# Probability - Two different dice are thrown

Here's the assignment: " In a dice-game for two players, two dice (A & B) are used. Each player gets to choose a die. The one who throws the highest number wins".

(Die A has six sides; two of them have two dots and four are five dots. Die B has six sides; four of them have two dots, two of them have six dots).

a) Which of the dice has the largest probability to win? Explain why.

b) Give suggestions on how you can change the worse die in order for it to have a larger probability than the other die.

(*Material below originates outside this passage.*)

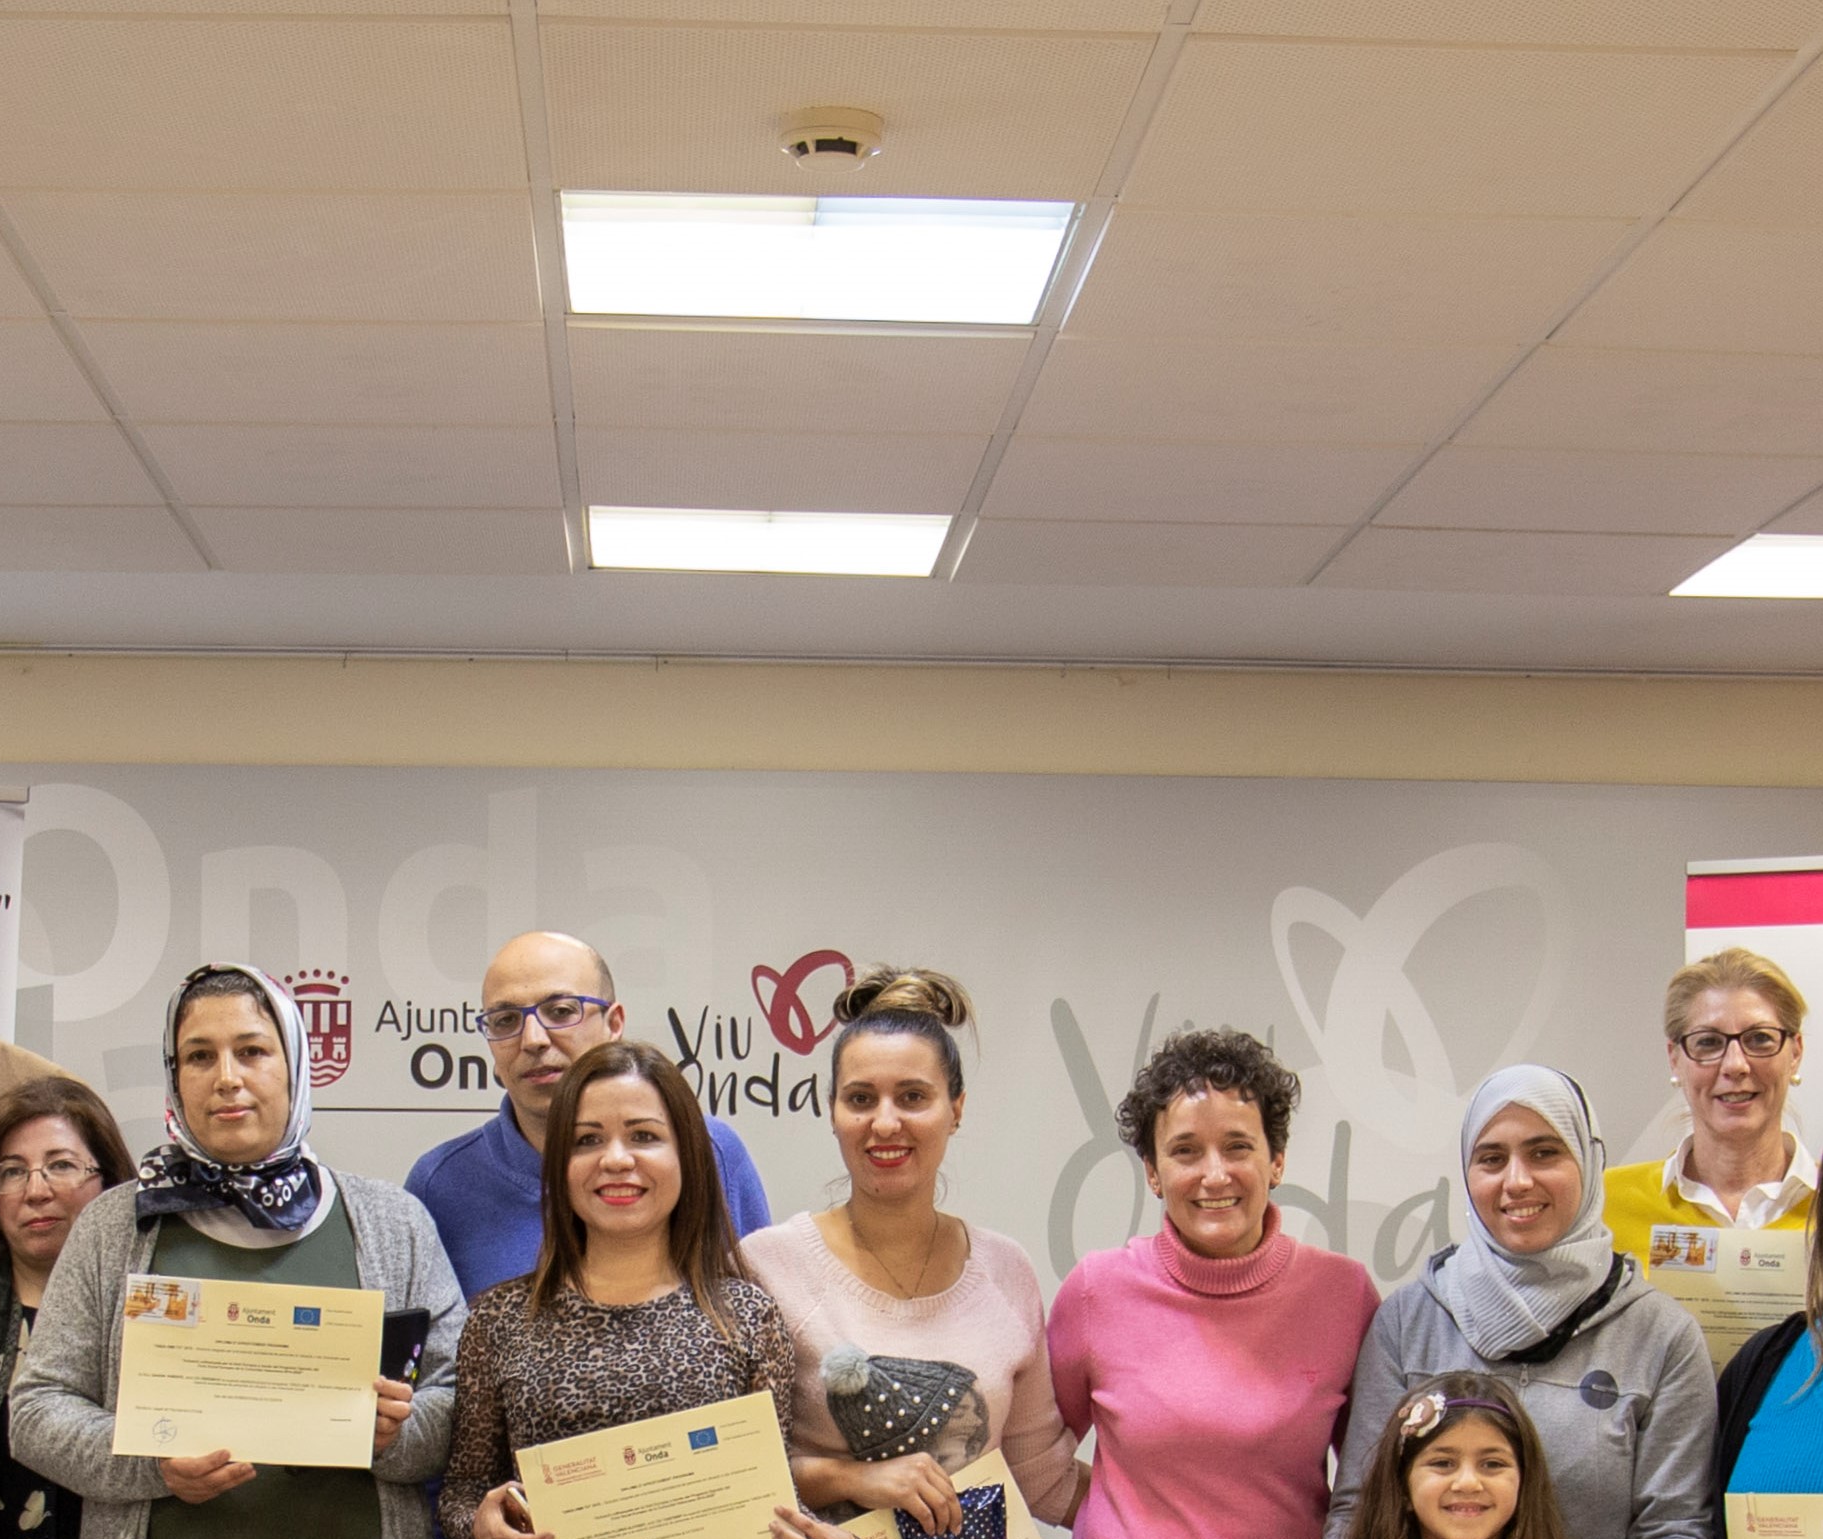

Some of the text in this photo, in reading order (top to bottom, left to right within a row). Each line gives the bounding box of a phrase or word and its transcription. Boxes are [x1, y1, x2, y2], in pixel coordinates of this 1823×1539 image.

c) Give a suggestion on how you can double the probability of winning on the dice. "

My thoughts:

a) Die A: It's hard because you have a 2/3 chance of getting 5, which is a large number, but also 1/3 of getting a one, that's bad. Die B: You have a 2/3 chance of getting two, which beats the sides with one dot on dice A, and 1/3 chance of getting six dot sides, which instantly makes you win.

I really don't know how to choose one die ?, Die B seems good though.

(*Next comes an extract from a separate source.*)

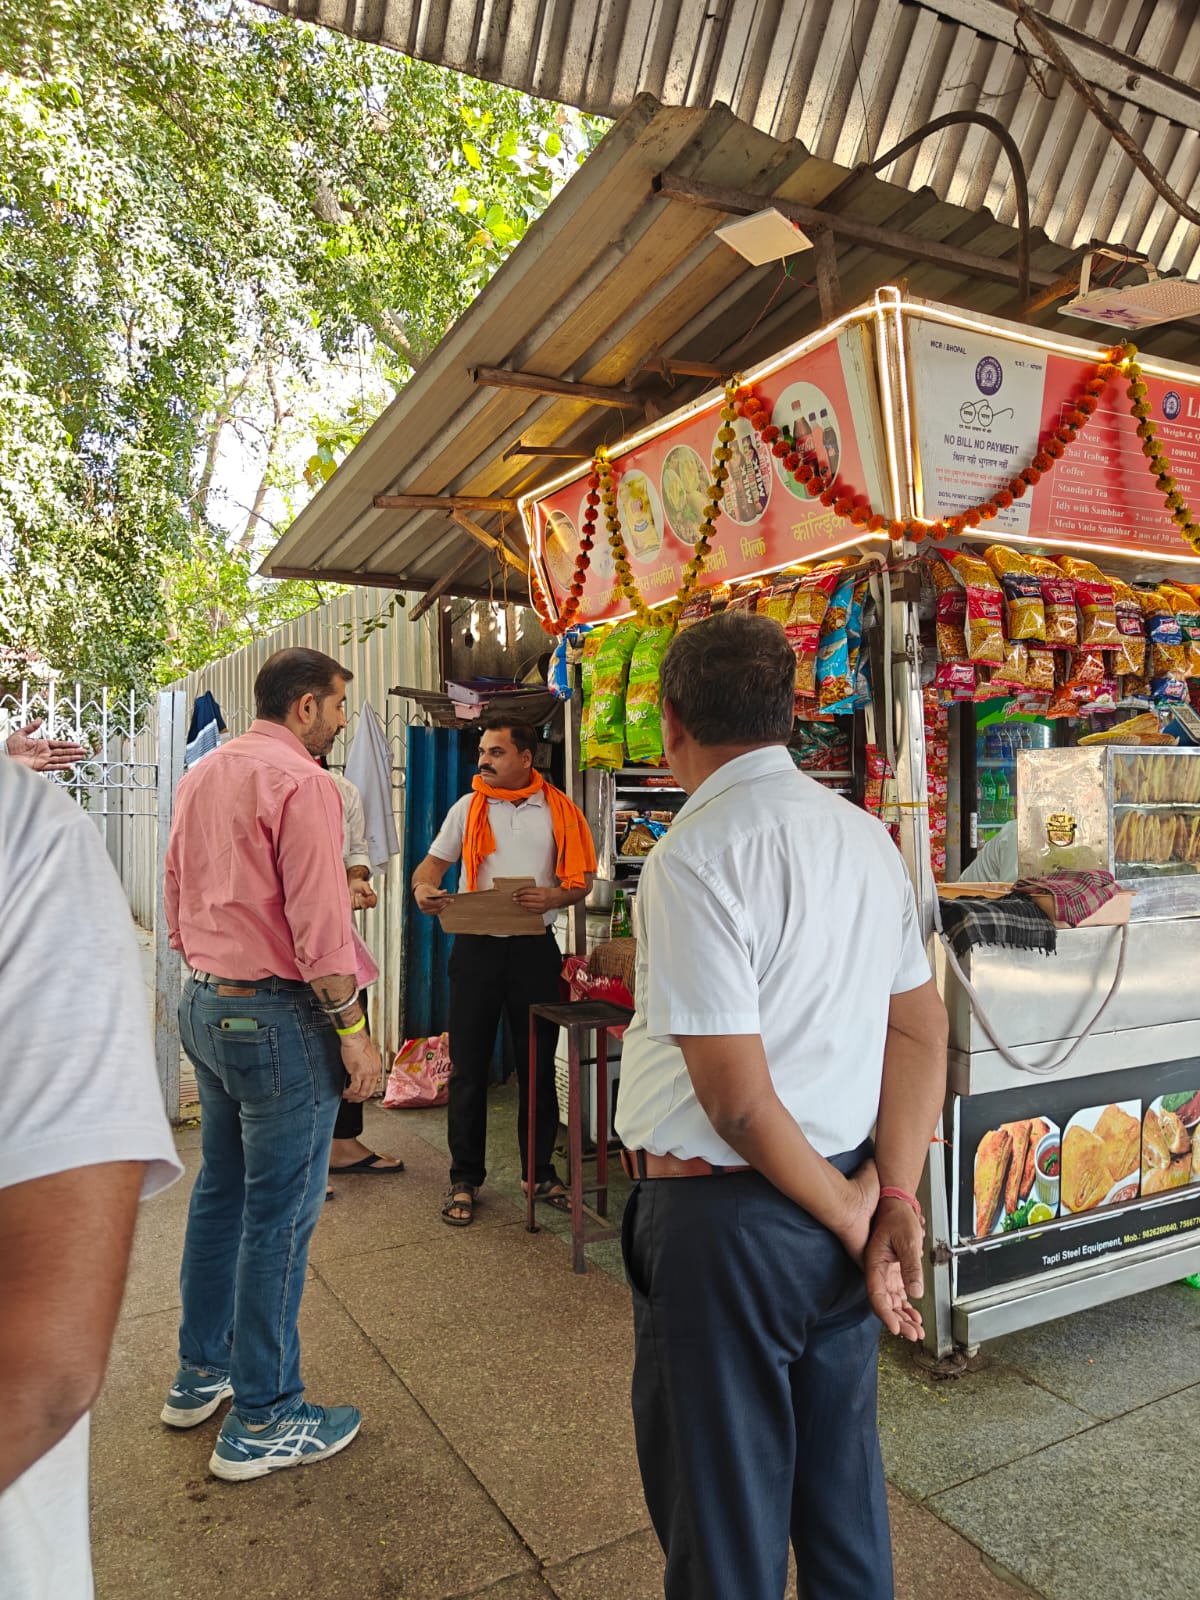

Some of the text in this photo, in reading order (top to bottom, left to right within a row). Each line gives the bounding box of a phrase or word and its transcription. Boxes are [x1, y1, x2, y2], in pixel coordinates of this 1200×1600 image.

Anyway you can either calculate the probability of die A winning, which is only the case if A rolls a 5 and B rolls a two. Then the probability is (because each throw is independent). $$p = \frac{2}{3} \cdot \frac{2}{3} = \frac{4}{9}$$, which means in the case of your description of your thoughts means that the probability of B winning is the complementary event (there is no draw) and calculates as $$q = 1-p = \frac{5}{9}$$.